The USA PATRIOT Act, passed in haste after 9/11, gives
the FBI authority to examine all library circulation records. The law
also forbids libraries from informing patrons that their reading habits
are being monitored. Libraries across the country began shredding circulation
records and posting signs warning patrons that "anything you read is now subject to secret scrutiny by federal agents." The
American Library Association urged Congress to repeal the provision in
the Patriot Act dealing with library records. Contacted by the Vermont
Library Association, Rep. Bernie Sanders (I-VT) last week introduced
the Freedom to Read Protection Act (H.R. 1157). So far, there are 70
cosponsors.
2. 17 YEARS AGO IT WAS THE FBI'S "LIBRARY AWARENESS PROGRAM."
Unfortunately, the goal of the program was not to improve
the literacy of agents. WHAT'S NEW stumbled on the story first in 1986
after a trench-coated FBI agent asked a student working at the University
of Maryland
Physics Library for the record of all books checked out to a visiting
foreign scientist. The agent resembled Inspector Clouseau more than
Elliot Ness. The
student called the science librarian. Maryland is one of 38 states in
which library records are protected by law, and in the absence of a
court order, the
librarian refused. After the New York Times picked up the story a year
later, the FBI ran checks on 266 people who had been publicly critical
to see if they
were part of a Soviet plot to discredit the program. The full story
of the infamous Library Awareness Program is told by librarian Herb
Foerstel in
"Surveillance in the Stacks" (Greenwood
Press, 1991).
3. FUSION: SANDIA PULSED-POWER MACHINE PRODUCES FUSION - BRIEFLY.
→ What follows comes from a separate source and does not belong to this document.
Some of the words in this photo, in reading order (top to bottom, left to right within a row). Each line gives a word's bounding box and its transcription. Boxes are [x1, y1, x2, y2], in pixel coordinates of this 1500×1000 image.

At the APS meeting in Philadelphia last week, scientists
from Sandia National Laboratory announced that Sandia's Z machine had
created a hot dense plasma that caused deuterium fusion. Fusion was
confirmed by a burst of neutrons from a BB-sized deuterium capsule.
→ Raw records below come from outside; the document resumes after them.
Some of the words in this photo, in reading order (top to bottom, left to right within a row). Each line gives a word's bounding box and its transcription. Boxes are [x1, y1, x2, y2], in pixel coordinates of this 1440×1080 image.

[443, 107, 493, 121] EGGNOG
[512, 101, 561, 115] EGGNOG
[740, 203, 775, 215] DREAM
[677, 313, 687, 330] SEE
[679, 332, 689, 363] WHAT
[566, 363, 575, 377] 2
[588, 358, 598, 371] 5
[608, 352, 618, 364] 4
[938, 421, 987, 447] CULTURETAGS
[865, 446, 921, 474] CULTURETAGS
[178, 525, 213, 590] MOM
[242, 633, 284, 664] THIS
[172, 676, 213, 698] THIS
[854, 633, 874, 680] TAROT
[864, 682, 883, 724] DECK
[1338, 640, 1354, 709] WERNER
The question, as it always is in controlled fusion, is whether the process
can be scaled up. In the Z machine a huge pulse of electricity is used to
generate X rays, creating a shock wave in the target deuterium capsule,
compressing the deuterium. This must be done over and over in rapid succession
while extracting the energy. Well, that's
just an engineering problem.
4. ENVIRONMENT: HOUSE VOTES FOR DRILLING IN THE WILDLIFE REFUGE.
The Senate had already narrowly rejected the plan to open the Arctic
National Wildlife Refuge to drilling. But the Senate will likely reconsider.
This is a major energy initiative of the Bush administration, granting big tax
breaks to oil and gas companies. The House also soundly defeated a proposal to
require a 5 percent reduction in automotive fuel consumption that supporters said
would save more oil than the refuge can produce.